▶ TASK: Type the data below again exactly. Omit all pictures.

═════ RECORDS FOR THE TASK ═════

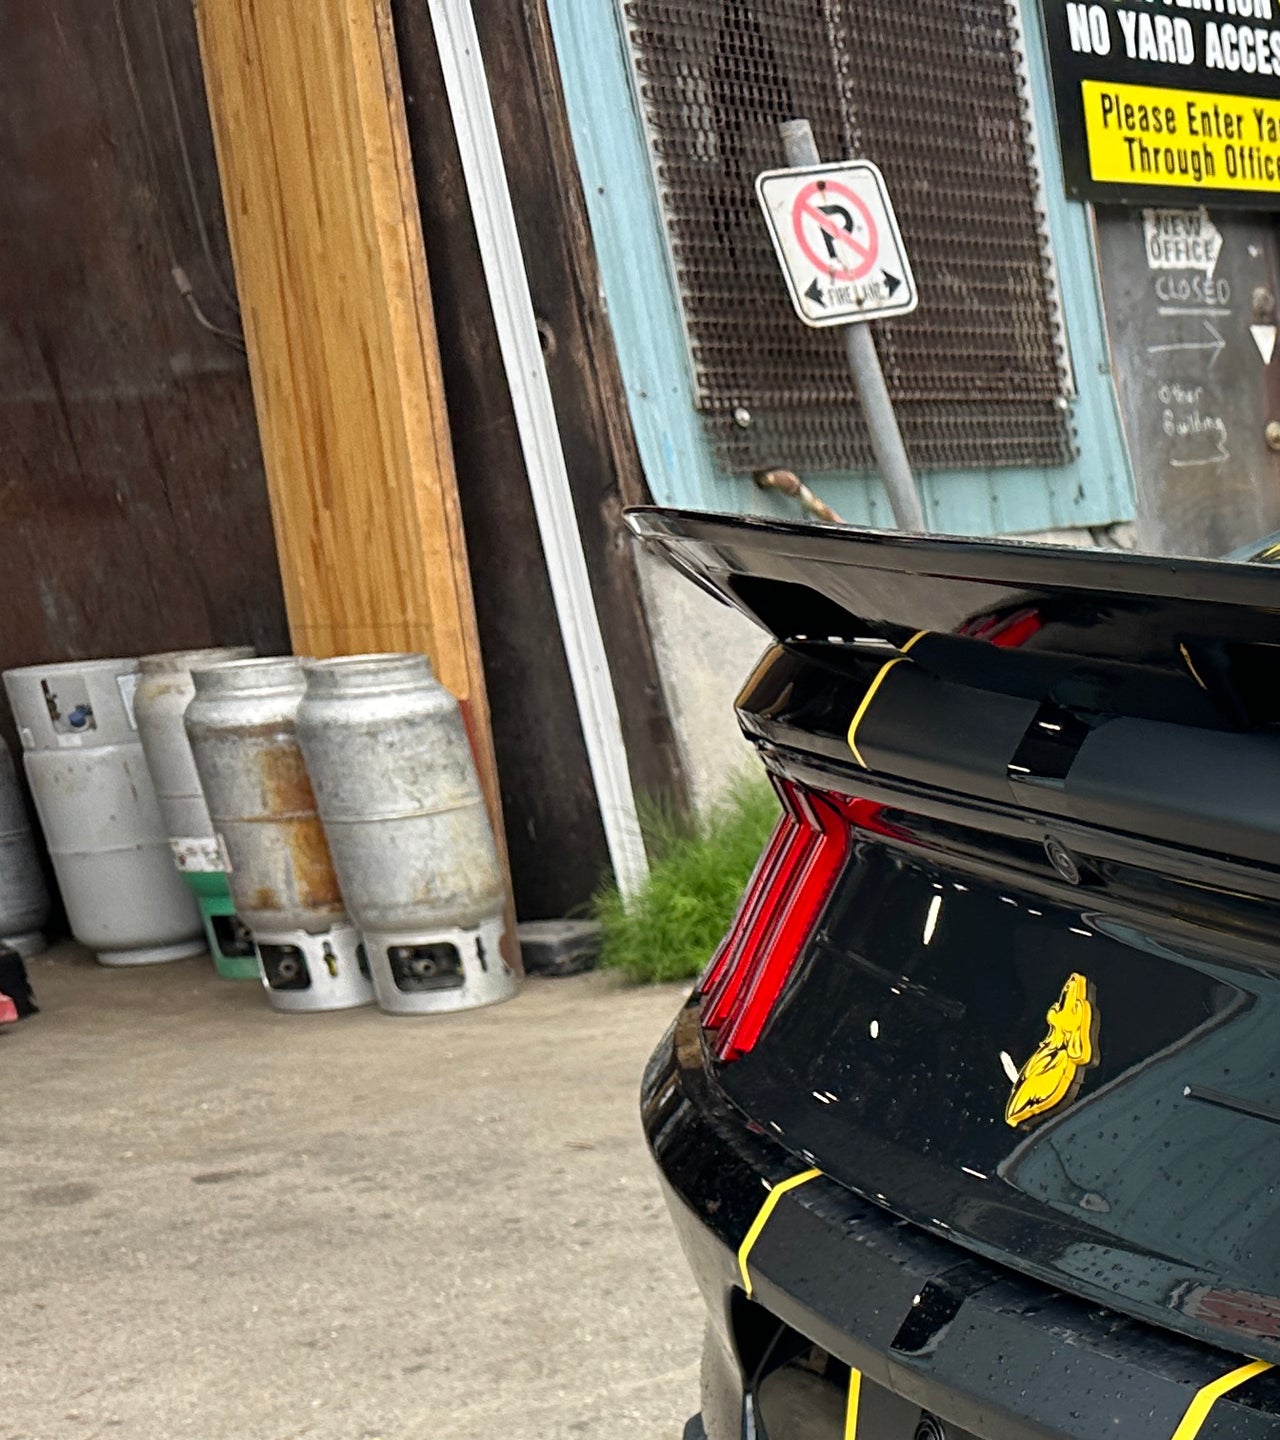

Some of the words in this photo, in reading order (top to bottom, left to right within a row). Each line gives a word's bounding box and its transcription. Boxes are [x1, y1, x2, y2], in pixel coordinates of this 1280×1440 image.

[1066, 3, 1111, 55] NO
[1117, 9, 1195, 65] YARD
[1100, 93, 1177, 134] Please
[1186, 101, 1243, 140] Enter
[1124, 136, 1216, 182] Through
[1150, 236, 1217, 262] OFFICE
[1155, 275, 1231, 305] CLOSED
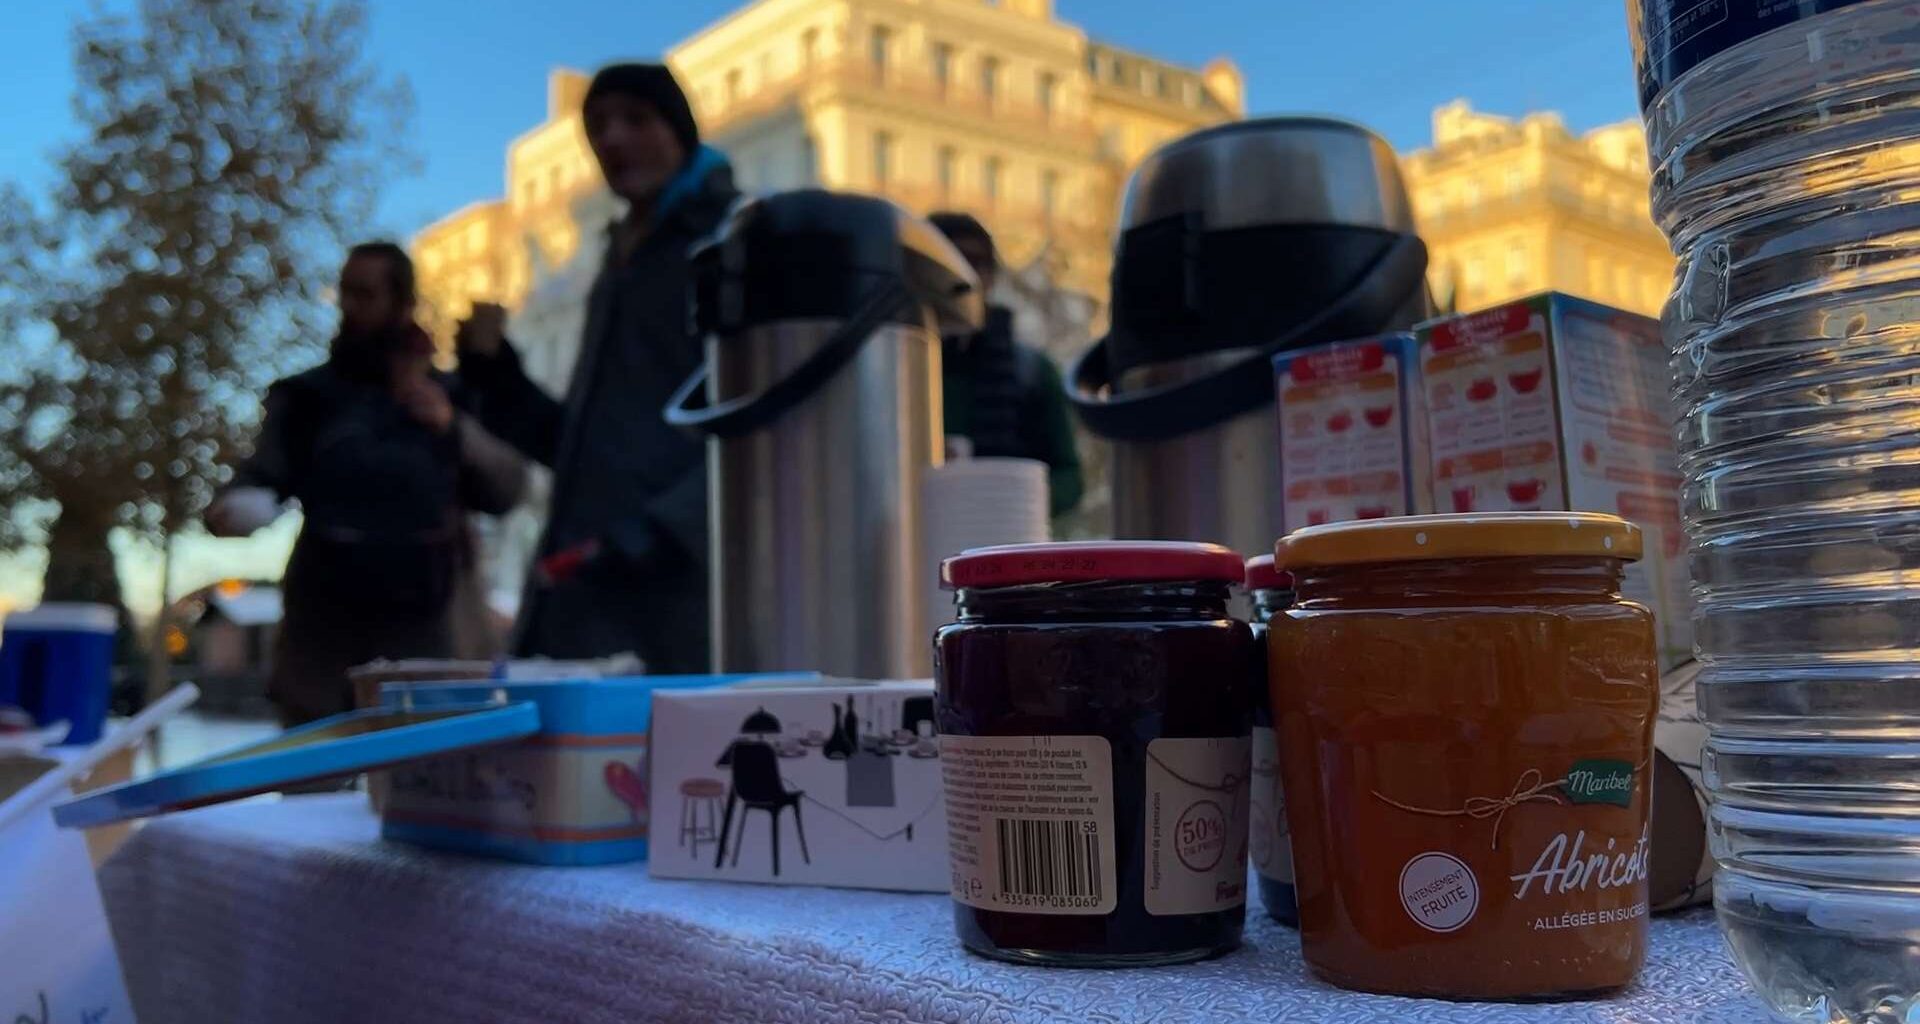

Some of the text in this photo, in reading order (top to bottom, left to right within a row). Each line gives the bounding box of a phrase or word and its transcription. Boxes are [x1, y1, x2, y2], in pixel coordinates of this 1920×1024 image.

[1567, 769, 1633, 796] Maribel
[1082, 820, 1097, 833] 58
[1051, 896, 1099, 908] 085060
[1421, 883, 1469, 917] FRUITÉ
[1534, 909, 1597, 930] ALLÉGÉE
[1599, 909, 1615, 924] EN
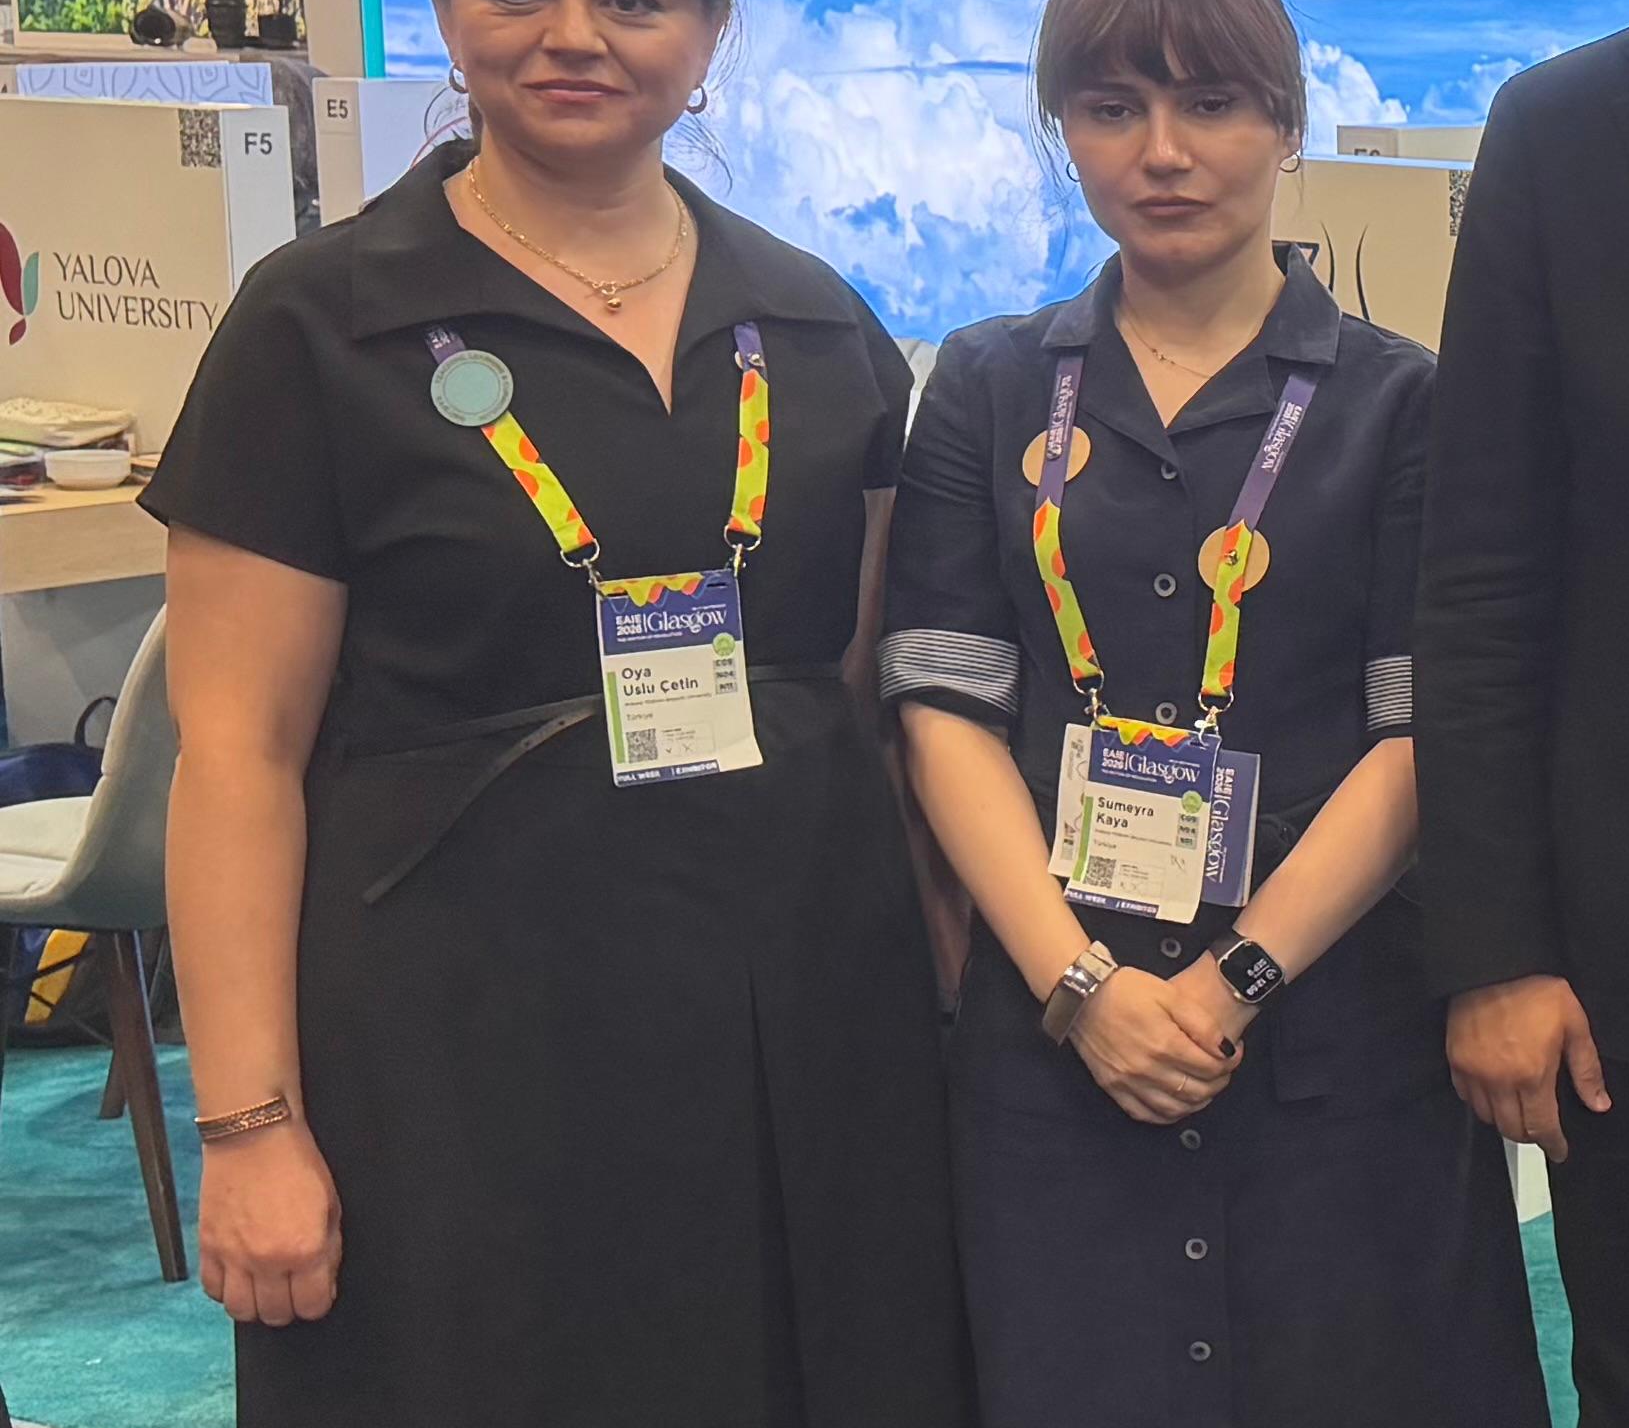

═════

▶ SOLUTION TO THIS EXERCISE:
Some of the words in this photo, in reading order (top to bottom, left to right within a row). Each line gives a word's bounding box and its transcription. Boxes are [x1, y1, x2, y2], in pixel coordinates of this 1280×1440 image.

[1066, 3, 1111, 55] NO
[1117, 9, 1195, 65] YARD
[1100, 93, 1177, 134] Please
[1186, 101, 1243, 140] Enter
[1124, 136, 1216, 182] Through
[1150, 236, 1217, 262] OFFICE
[1155, 275, 1231, 305] CLOSED

Some of the text in this photo, in reading order (top to bottom, left to right within a row). Each line gives the bounding box of a phrase or word and its transcription. Boxes are [x1, y1, x2, y2], in pixel coordinates of this 1920×1024 image.

[1567, 769, 1633, 796] Maribel
[1082, 820, 1097, 833] 58
[1051, 896, 1099, 908] 085060
[1421, 883, 1469, 917] FRUITÉ
[1534, 909, 1597, 930] ALLÉGÉE
[1599, 909, 1615, 924] EN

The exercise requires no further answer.